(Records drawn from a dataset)
________________________________________
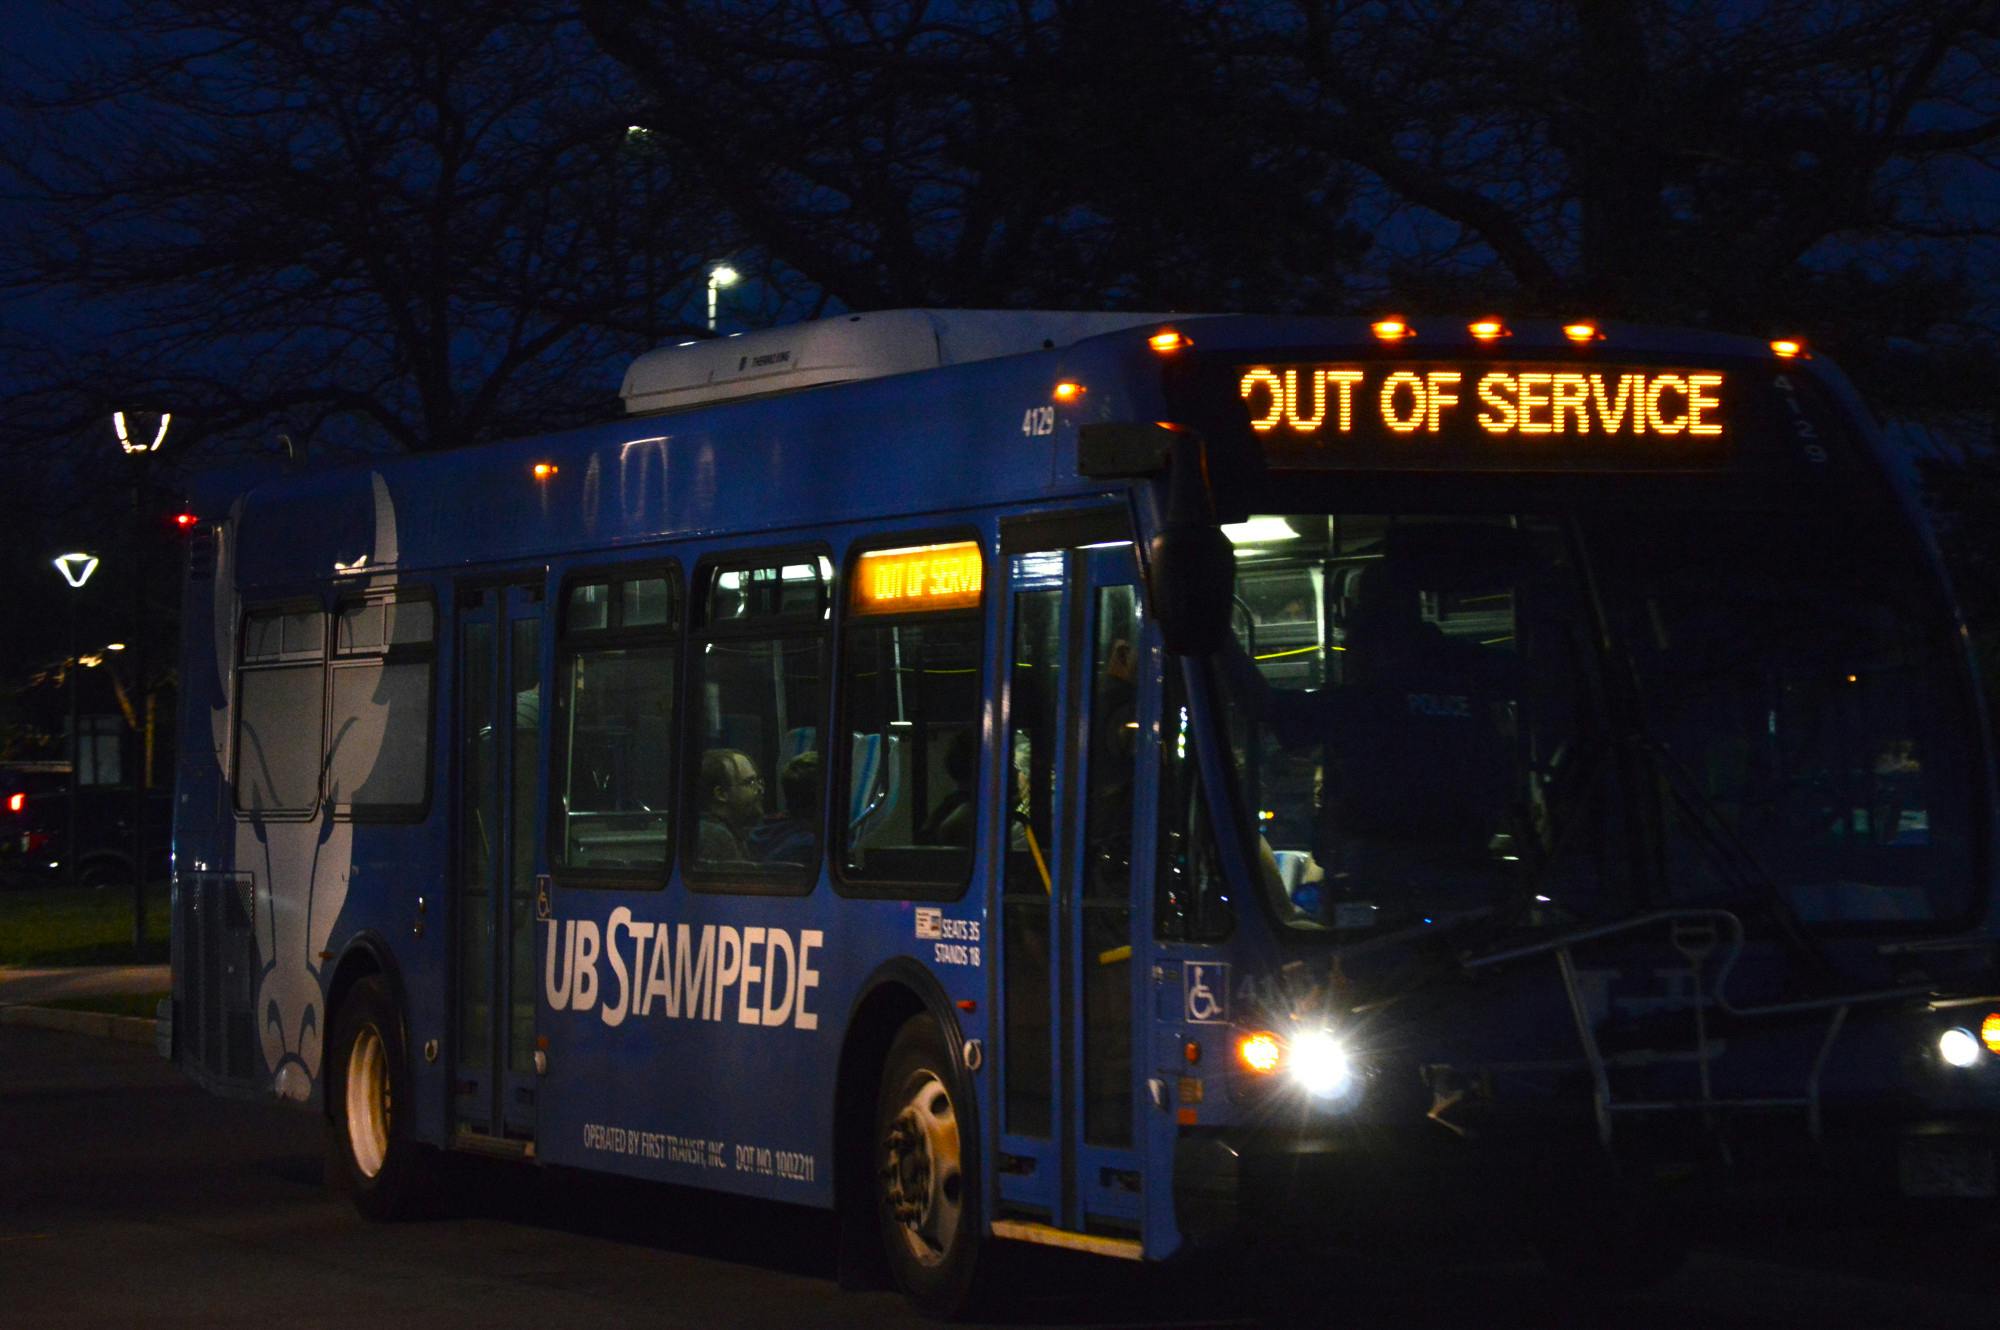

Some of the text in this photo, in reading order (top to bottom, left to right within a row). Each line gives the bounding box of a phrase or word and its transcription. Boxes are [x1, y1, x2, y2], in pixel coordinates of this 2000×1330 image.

[1022, 405, 1055, 437] 4129
[1240, 368, 1723, 435] OUT OF SERVICE
[1774, 374, 1828, 463] 4129
[934, 942, 968, 966] STANDS
[942, 918, 968, 940] SEATS
[968, 920, 981, 942] 35
[601, 905, 824, 1031] STAMPEDE
[583, 1122, 626, 1154] OPERATED
[627, 1129, 641, 1156] BY
[641, 1131, 665, 1161] FIRST
[735, 1144, 755, 1173] DOT
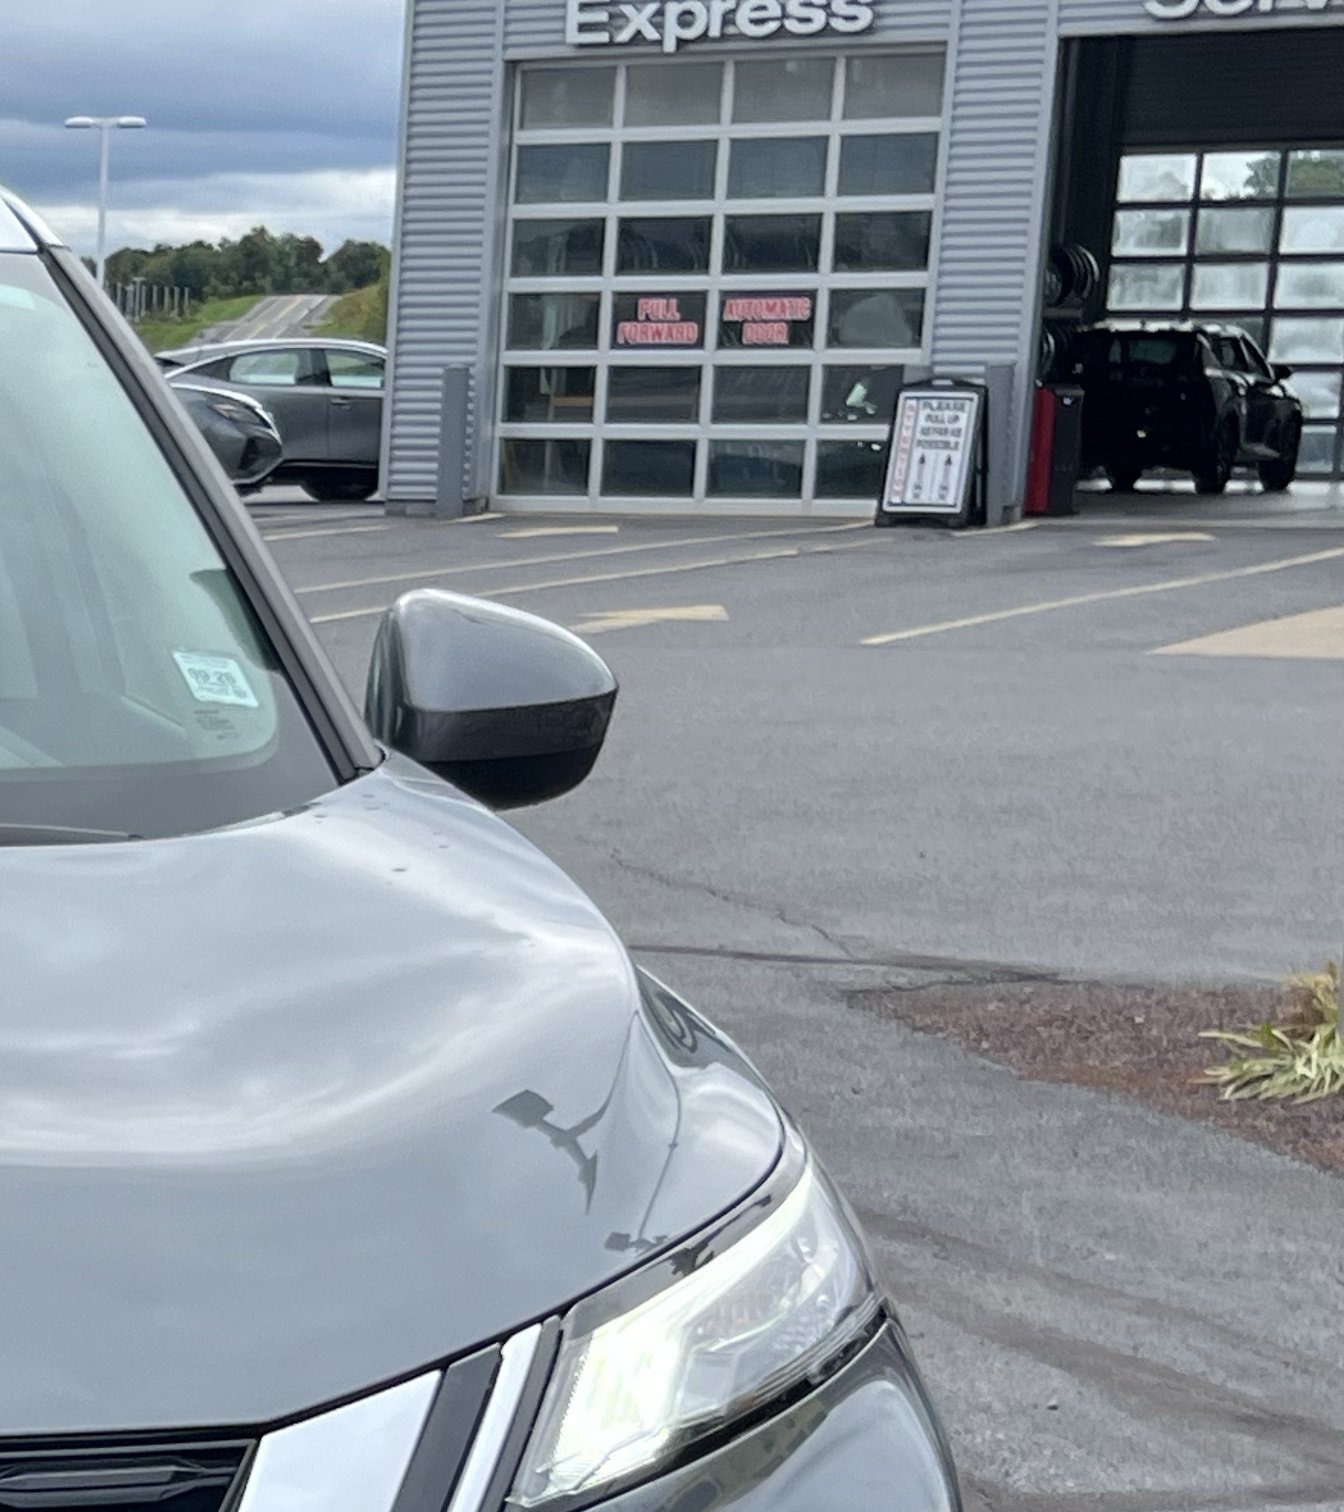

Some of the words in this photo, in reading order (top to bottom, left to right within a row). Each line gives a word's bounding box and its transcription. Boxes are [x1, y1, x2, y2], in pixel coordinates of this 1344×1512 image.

[565, 0, 874, 53] Express
[638, 299, 681, 321] PULL
[723, 298, 811, 321] AUTOMATIC
[617, 322, 699, 344] FORWARD
[922, 401, 965, 411] PLEASE
________________________________________
Exercise description →
Every line above should be transcribed exactly, though no image should be carried over.

Output →
Some of the text in this photo, in reading order (top to bottom, left to right within a row). Each line gives the bounding box of a phrase or word and its transcription. Boxes are [x1, y1, x2, y2], in pixel coordinates of this 2000×1330 image.

[1022, 405, 1055, 437] 4129
[1240, 368, 1723, 435] OUT OF SERVICE
[1774, 374, 1828, 463] 4129
[934, 942, 968, 966] STANDS
[942, 918, 968, 940] SEATS
[968, 920, 981, 942] 35
[601, 905, 824, 1031] STAMPEDE
[583, 1122, 626, 1154] OPERATED
[627, 1129, 641, 1156] BY
[641, 1131, 665, 1161] FIRST
[735, 1144, 755, 1173] DOT

Some of the words in this photo, in reading order (top to bottom, left to right within a row). Each line gives a word's bounding box and its transcription. Boxes are [x1, y1, x2, y2], in pixel coordinates of this 1344×1512 image.

[565, 0, 874, 53] Express
[638, 299, 681, 321] PULL
[723, 298, 811, 321] AUTOMATIC
[617, 322, 699, 344] FORWARD
[922, 401, 965, 411] PLEASE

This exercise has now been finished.